Getting your pet to your new home is going to come with all sorts of challenges. Some pets are easier than others to work with, but it’s definitely possible to work out if you’re willing to do so. In some cases, you may be looking at bringing them with you; in others, you may want to ship them.

 

As you start looking at long distance and local moving companies that you’re considering for your move, you want to be sure that you start working out the necessary details for your pets, as well. In this guide, we’re going to help you explore the options available if you’re looking to get your pet to your new place.

 

Boarders and Pet-Sitters

 

So, you have a local move and you want to be certain that your pet isn’t underfoot or that they don’t get lost while you’re trying to take care of everything on moving day. In that case, it may be a good idea to take them to a boarder, a daycare, or a pet-sitter for the designated time.

 

Not only does this make it so that your pet is safe and you don’t need to worry about where they are, but it allows them to have a little bit of fun as well. You don’t have to be concerned that they’re going to get out of the door while the movers are going in and out, and you can just go get them when the move is completed.

 

Friends and Family

 

If you have friends and family that want to help you with your move, see if you can enlist them to give you a hand with your pets. Family members and friends that may not have the physical ability to help with the heavy lifting may be able to keep Sparky entertained while you’re trying to accomplish things.

 

Or, if your pet is familiar with them, they may be able to do the same thing that a boarder or doggy daycare would do.
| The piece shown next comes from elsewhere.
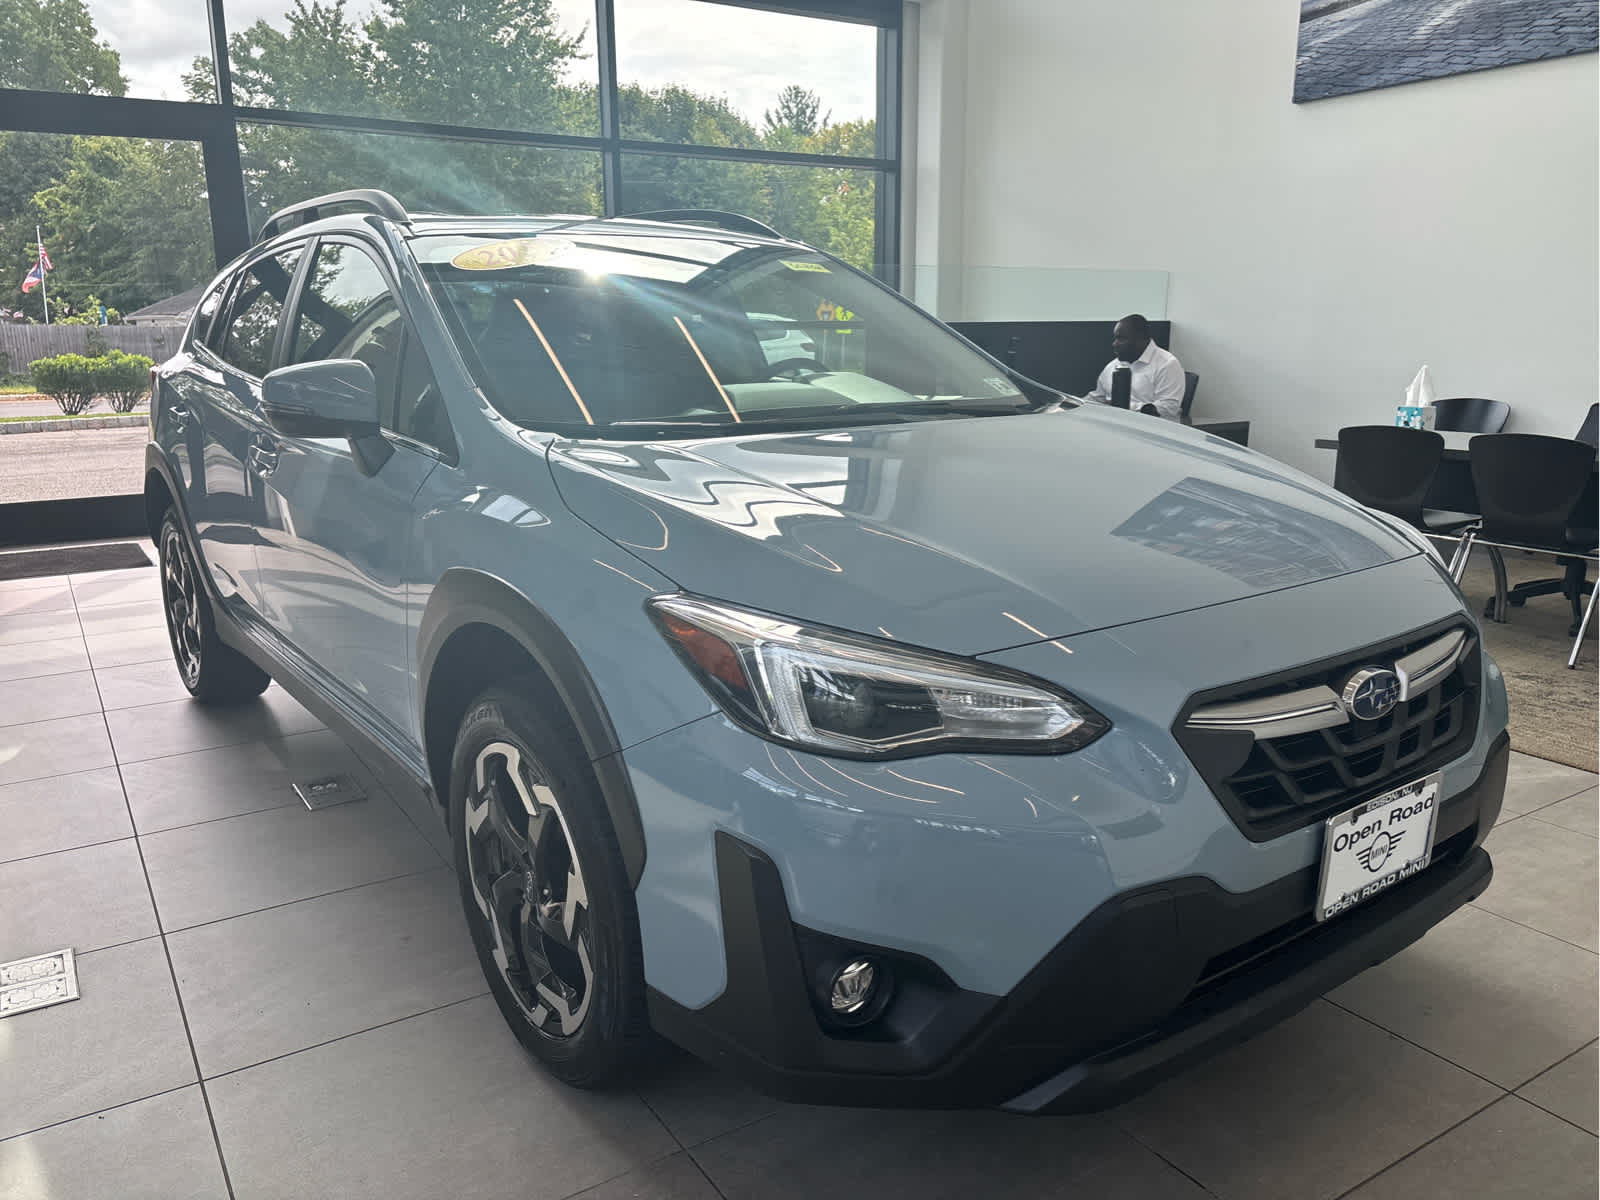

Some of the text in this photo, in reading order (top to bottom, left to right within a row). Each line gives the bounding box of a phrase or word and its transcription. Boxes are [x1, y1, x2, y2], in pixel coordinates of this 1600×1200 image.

Your friend or family member could keep them at their house for the day, and then you can go get them when you’ve completely finished what needs to be done with your local move.

 

How to Take Your Pet With You on a Long-Distance Move

 

If you’re taking your pet with you on a long-distance move, then you want to be sure that you’re doing all that you can in order to stay ahead of issues. Make sure that they have a designated area and that you do everything possible to ensure that they are going to be comfortable.

 

Schedule time for you and your family to stop when you’re on your trip. Take your pet outside (if they are the type of pet that would do so) and be sure to feed them and keep them on a pretty consistent schedule. You don’t want to try and drive all of the way through with a pet, unless it’s something like a fish or reptile that is self-contained. Follow state and local laws when you stop places, too.

 

Air Shipping

 

Several major airlines have a number of options available when it comes to getting your pet from point A to point B. While there is, often, a lot of paperwork involved in the process, it typically costs only a little bit more than going through with the shipping process in any other fashion.

 

There are also a number of pet shipping companies that use the air to be able to get your pets where they need to go. These can be costly, but if you want to guarantee that your pet is being taken care of as they should and you want them to get to you ASAP, then a direct flight may be the best way to ensure that it happens.

 

Ground Shipping

 

There are a number of shipping companies that will actually ship your pet via using a ground service like UPS or FedEx. Now, granted, these ground shipping services are best for reptiles and other animals that are easy to contain for extended periods of time.

 

There are also a handful of companies that focus on getting animals transported to their new homes in humane ways. These organizations have all sorts of resources for doing so, and you can typically ensure that things are done properly because of who’s involved. Research what’s out there and see which is best for you.

 

Frequently Asked Questions

 

  1. Why can’t I put my pet in the moving van?

 

It’s both for the safety of your pet and the safety of your movers. Typically, moving companies will not allow anything live to be in the moving van, even if it’s a plant. This prevents them from dealing with any sort of liability issues that would otherwise occur and it makes you a lot less worried on the trip, too.

 

  1. Should I rehome my pet if I’m doing a long-distance move?

 

It depends on your situation. In some cases, it may be in the best interest of you and your pet if the pet gets rehomed. If you’re moving to a place (municipality or rental property) that doesn’t allow your type of pet, that may also be a consideration. But, if you can help it, it’s in your best interest (and the best interest of your pet) that they are not rehomed unless absolutely necessary.

 

  1. Can all pets travel safely?

 

If you’re willing to put the time and effort into the process of loading them up, most pets can travel relatively safely. You just need to be sure that you have things sorted out in the way that they should be and that you have any and all paperwork that may be necessary.

 

Loading Up Your Pets

 

Taking care of your pet is essential, and you want to be certain that you take your time and work out the details as soon as you know where you’re headed. It can be a bit of work to figure out what is necessary for them and you, but with some planning, it’s sure to go smoothly.